Si en esas condiciones nuestras ciudades ya venían siendo un caos para los peatones, con la pandemia la vida se agravó porque de la noche a la mañana surgieron infinidad de “domiciliarios”, que en la lucha por su “derecho al trabajo” pisotean los derechos de los demás. Los ciclistas (sin mencionar el lumpen de las motos) se han vuelto una plaga porque viajan a toda velocidad por los andenes, no respetan las cebras y como no existe una autoridad que los regule, se saltan los semáforos en rojo, pasando por encima, incluso, de los impávidos agentes de tránsito y de los policiales. Esas son las diferencias que tenemos con Dinamarca donde tampoco te apuñalan por llamarle la atención a un ciclista imprudente. Para completar, en las afueras de los centros urbanos las cosas también se han deteriorado pues en las veredas la moda del ciclomontañismo se han convertido en todo un problema, en especial los fines de semana, porque los usuarios creen que son inmunes al coronavirus, no utilizan los tapabocas y al ir en montoneras le obstruyen el paso a los demás usuarios de las vías.
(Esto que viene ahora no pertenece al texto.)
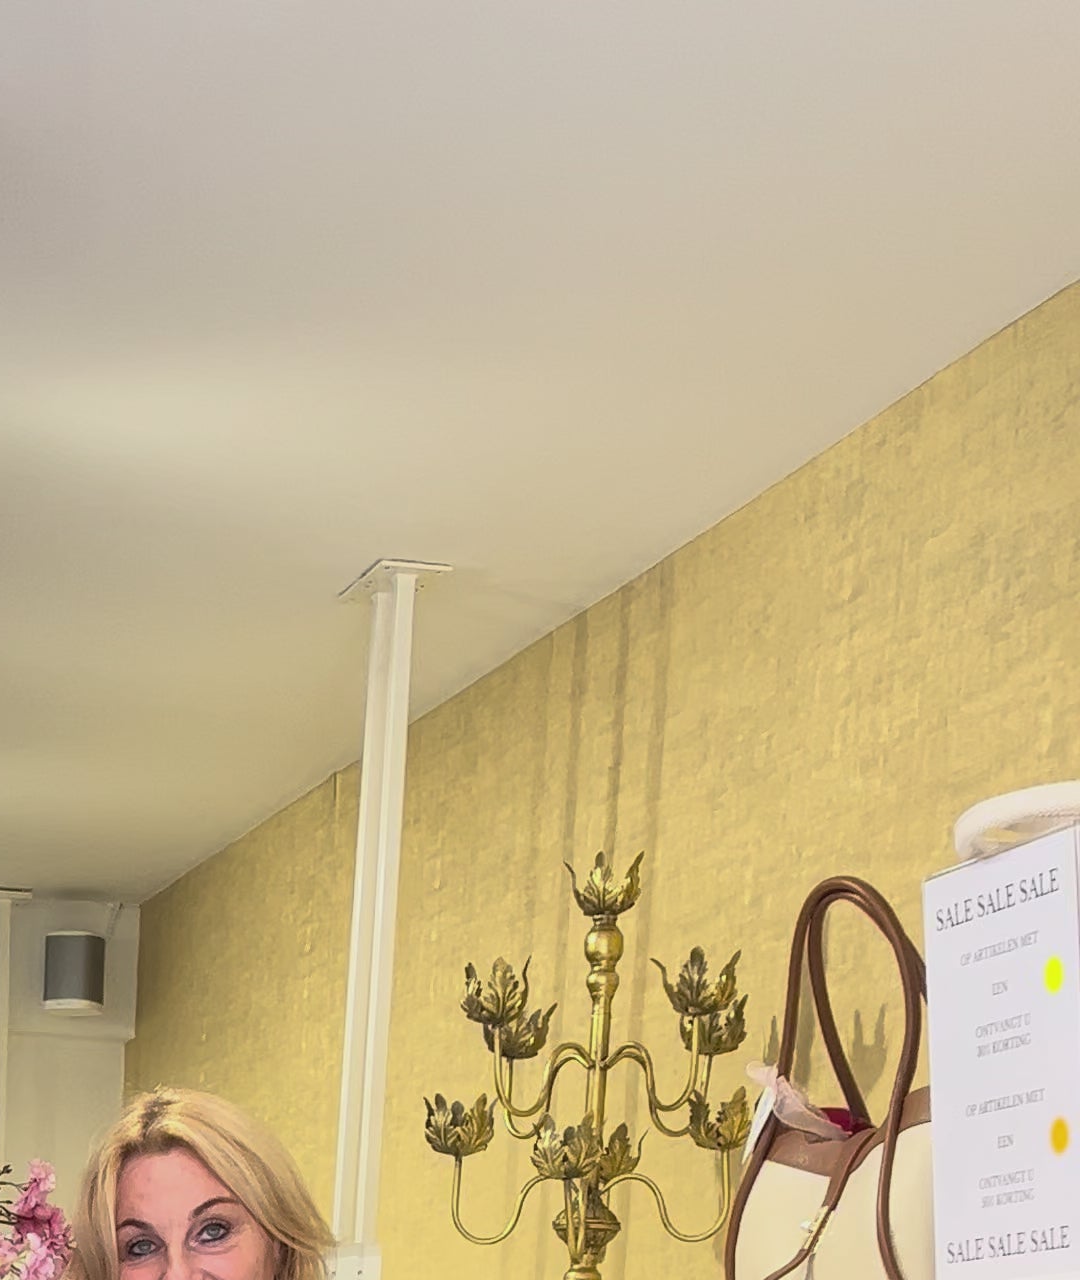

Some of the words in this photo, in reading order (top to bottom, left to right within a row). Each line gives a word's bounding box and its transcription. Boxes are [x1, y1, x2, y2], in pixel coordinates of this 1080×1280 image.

[936, 898, 974, 932] SALE
[977, 883, 1016, 918] SALE
[1019, 867, 1059, 903] SALE
[946, 1237, 985, 1264] SALE
[988, 1231, 1026, 1258] SALE
[1030, 1225, 1070, 1253] SALE
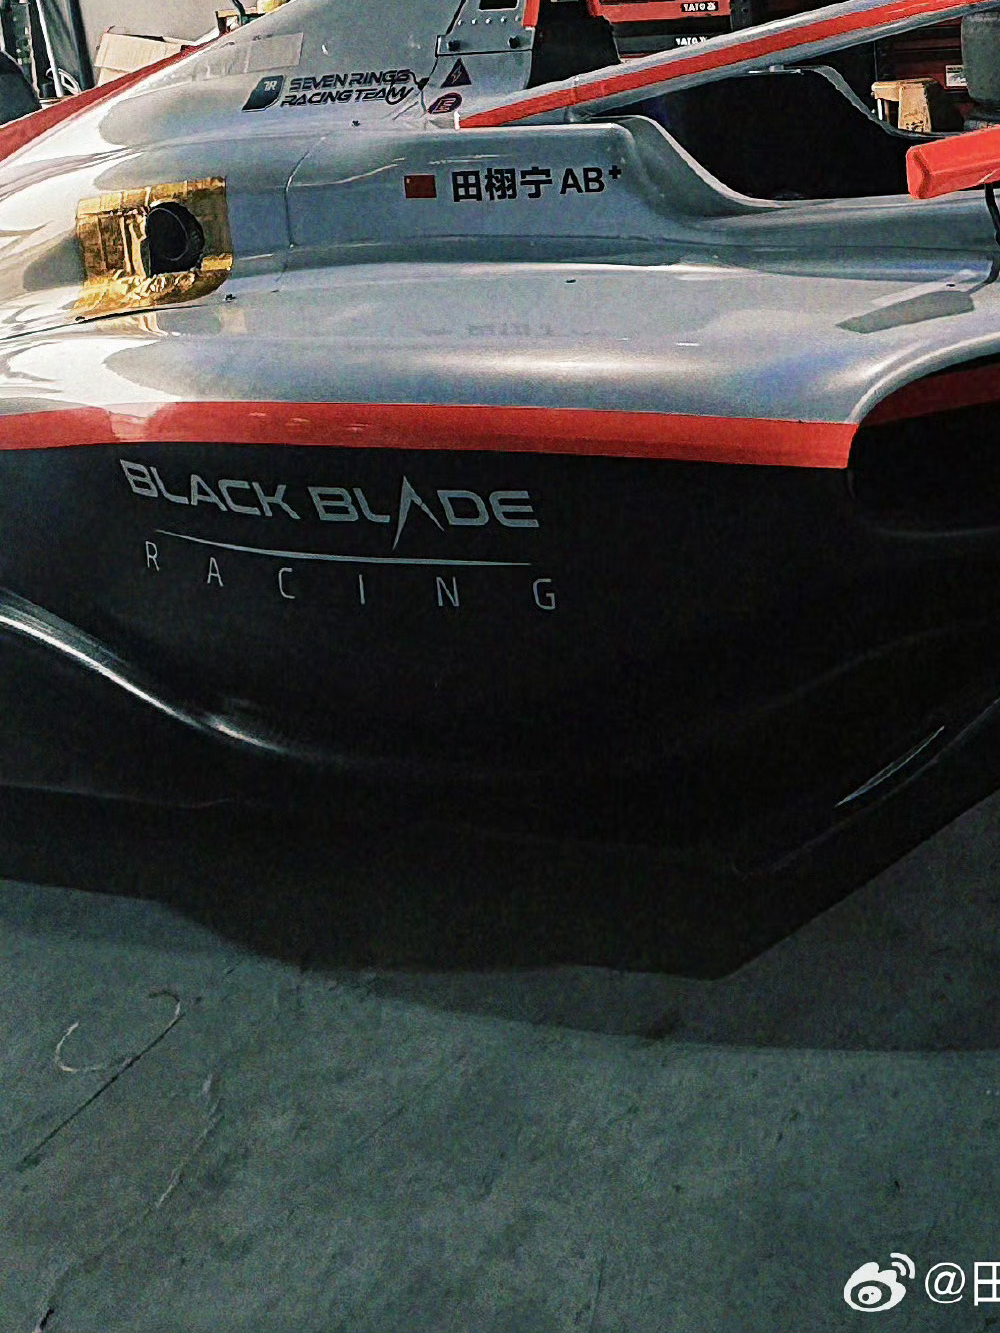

Las ciudades necesitan, entonces, soluciones integrales y los alcaldes deben dejar de diseñarlas en función de los que tienen cualquier tipo de vehículo para que los peatones puedan disfrutar del espacio público que es donde se construye comunidad. Las ciclorrutas pueden ser tenidas en cuenta, pero no debemos dejarnos arrastrar por una moda global que difícilmente encaja con nuestra idiosincrasia.